A nova fase da investigação sobre fraudes de mais de R$ 48 milhões destinados a hospitais públicos do Rio vai atingir em cheio vereadores. A promessa é de que caiam peixes graúdos na rede da polícia e do Ministério Público. No início do mês, oito pessoas foram presas, entre eles os irmãos Walter e Wagner Pelegrini, sócios da Organização Social Biotech, por determinação da 2ª Vara Criminal de Santa Cruz, na operação batizada de ‘Ilha Fiscal’.

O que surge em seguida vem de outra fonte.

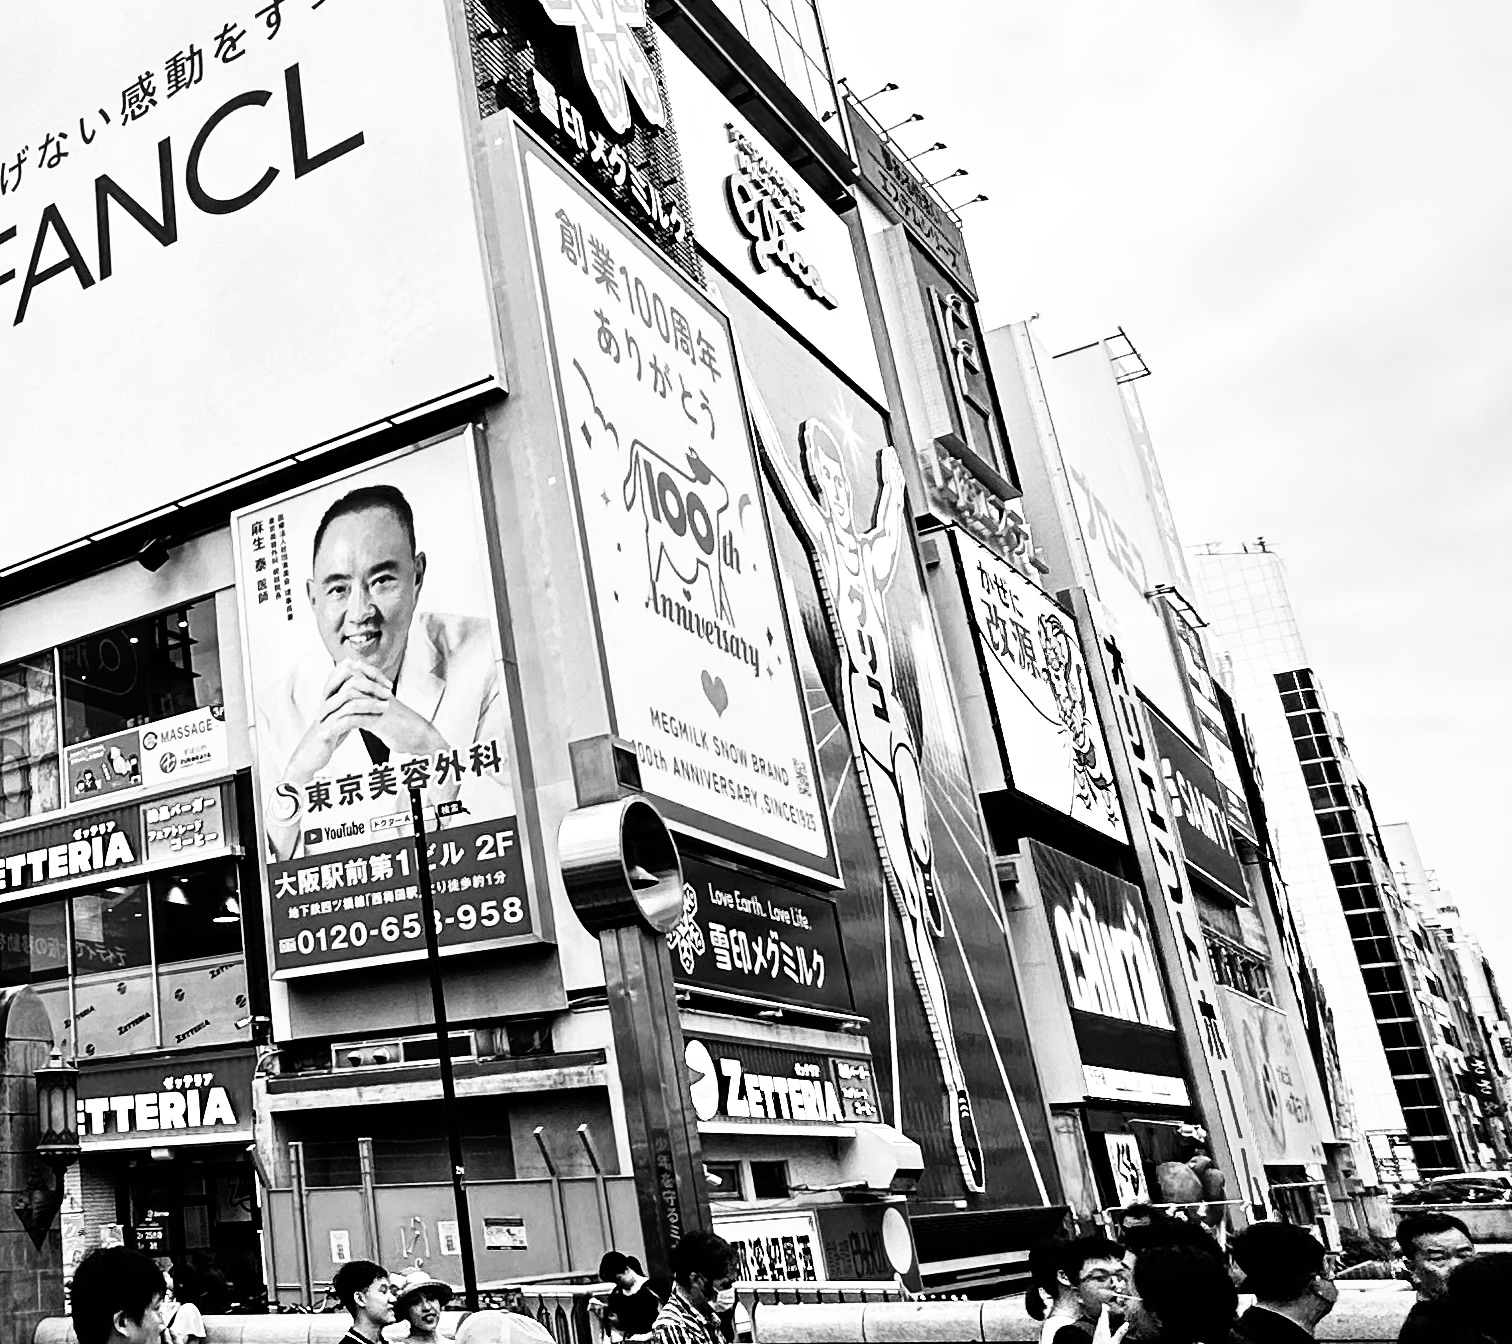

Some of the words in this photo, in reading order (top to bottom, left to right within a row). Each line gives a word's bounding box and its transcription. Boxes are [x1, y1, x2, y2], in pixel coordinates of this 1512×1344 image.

[555, 209, 721, 382] 創業100周年
[594, 307, 715, 440] ありがとう
[977, 560, 1024, 619] かぜに
[645, 579, 761, 678] Anniversary
[980, 597, 1041, 680] 改源
[160, 718, 213, 743] MASSAGE
[649, 706, 709, 751] MEGMILK
[712, 735, 748, 769] SNOW
[750, 753, 790, 787] BRAND
[305, 740, 502, 814] 東京美容外科
[638, 740, 668, 773] 00th
[672, 756, 759, 808] ANNIVERSARY
[170, 832, 219, 851] コーヒー
[324, 821, 365, 841] YouTube
[475, 830, 514, 861] 2F
[708, 883, 734, 908] Love
[768, 900, 791, 924] Love
[708, 922, 825, 988] 雪印メグミルク
[117, 1012, 151, 1036] ZETTERIA
[175, 1019, 211, 1044] ZETTERIA
[720, 1058, 845, 1122] ZETTERIA

Eles ganharam o direito a liberdade concedida pelo desembargador Siro Darlan, no Plantão Judiciário, na última quinta-feira. Na decisão, o magistrado impôs apenas que os dois compareçam em juízo a cada 15 dias e proibiu o contato dos denunciados pelo Ministério Público à Justiça com as testemunhas.
Os promotores afirmam que o esquema só funcionou porque a prefeitura falhou na fiscalização. Os irmãos Pelegrini, receberam R$ 515 milhões da prefeitura desde 2012. Tinham carros de luxo, joias e escondiam quase R$ 1,5 milhão numa mala.

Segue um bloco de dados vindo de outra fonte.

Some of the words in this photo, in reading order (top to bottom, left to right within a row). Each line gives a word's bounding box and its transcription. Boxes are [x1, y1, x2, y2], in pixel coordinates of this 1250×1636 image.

Desde 2011, a prefeitura pagou quase R$ 7 milhões à Fundação Getulio Vargas para monitorar e controlar as organizações sociais. Um site foi criado para dar transparências às informações, mas ao clicar nenhuma informação aparece.
O prefeito Eduardo Paes vetou projeto de lei de autoria do vereador Paulo Pinheiro (PSOL), que exigia das organizações sociais prestação de contas detalhada a cada dois meses. O veto ainda vai ser analisado pela Câmara dos Vereadores.